Modulation of immunoglobulin G oligomerization by variable domain glycans: A mechanism to regulate complement activation.

Abstract

Immunoglobulin G (IgG) is a glycoprotein harboring conserved fragment crystallizable domain glycans, but it can also express variable domain glycans (VDGs). Elevated levels of VDGs are a hallmark of the autoantibodies most specific to rheumatoid arthritis and are also associated with other autoimmune diseases. Nonetheless, the effect of VDGs on IgG function remains poorly understood. This study investigates the impact of VDGs on the ability of antibodies to activate the complement system, a key immune effector mechanism. We demonstrate that VDGs on IgG inhibit the initiation of the classical complement pathway, as evidenced by complement activation assays with IgG displaying varying degrees of VDGs. Structure-function analyses show that VDGs reduce classical complement activation by impeding IgG oligomer formation on antigenic surfaces.

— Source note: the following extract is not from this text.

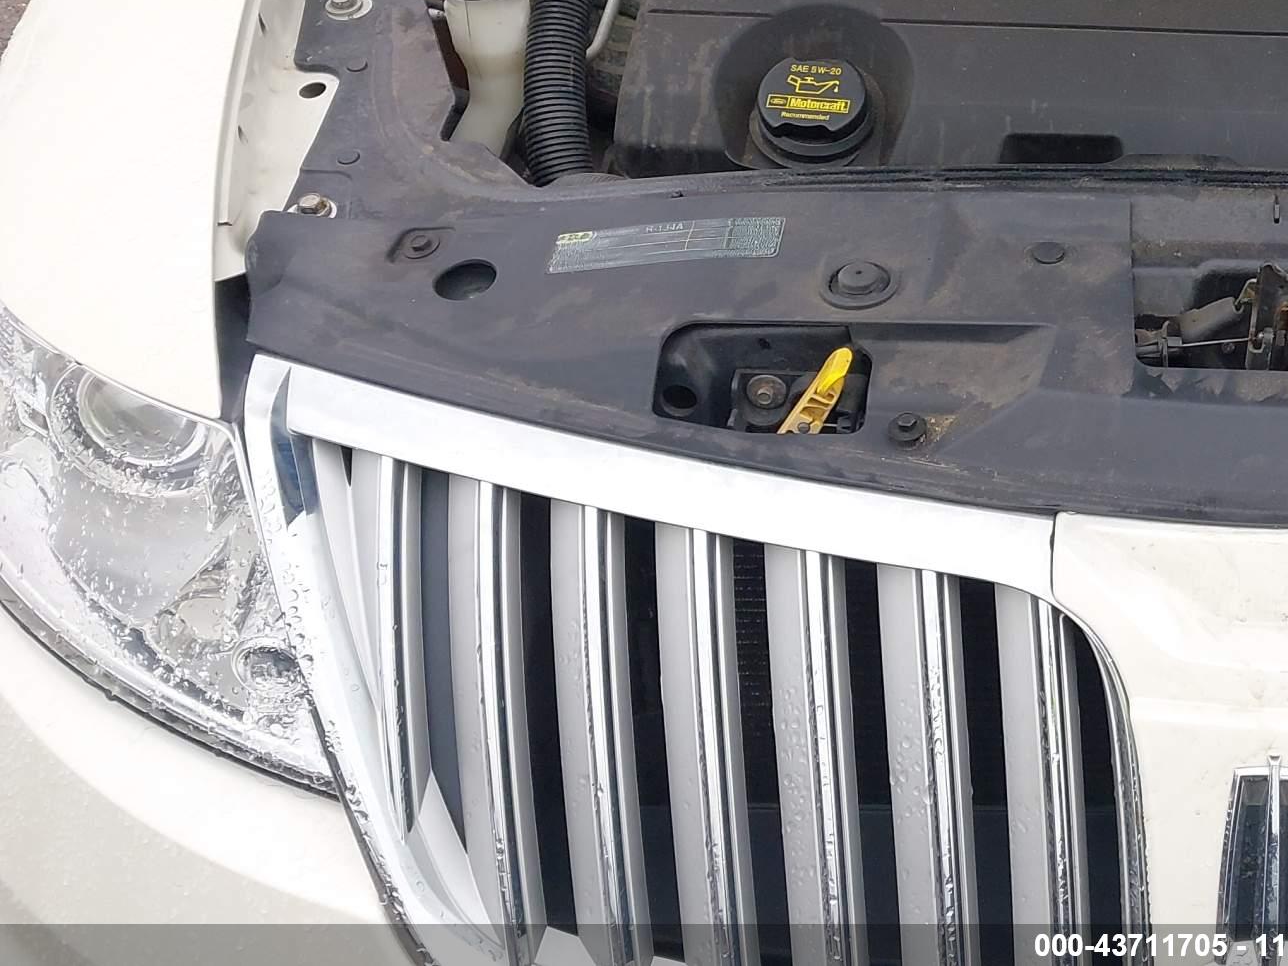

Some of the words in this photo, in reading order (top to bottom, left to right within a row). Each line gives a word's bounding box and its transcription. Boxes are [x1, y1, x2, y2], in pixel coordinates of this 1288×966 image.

[790, 64, 809, 73] SAE
[811, 66, 842, 76] 5W-20
[790, 98, 847, 111] Motorcraft

As IgG oligomerization is essential for effective C1q binding, VDG-mediated interference with this process lowers IgG's complement activation potential. This impaired ability to recruit complement was further substantiated through direct visualization of IgG oligomer-C1q complexes on antigen-coated vesicles by cryoelectron tomography. Together, these data reveal that VDGs increase the functional diversity of IgG and identify a novel regulatory mechanism that modulates the ability of antibodies to activate one of their main immune effector mechanisms.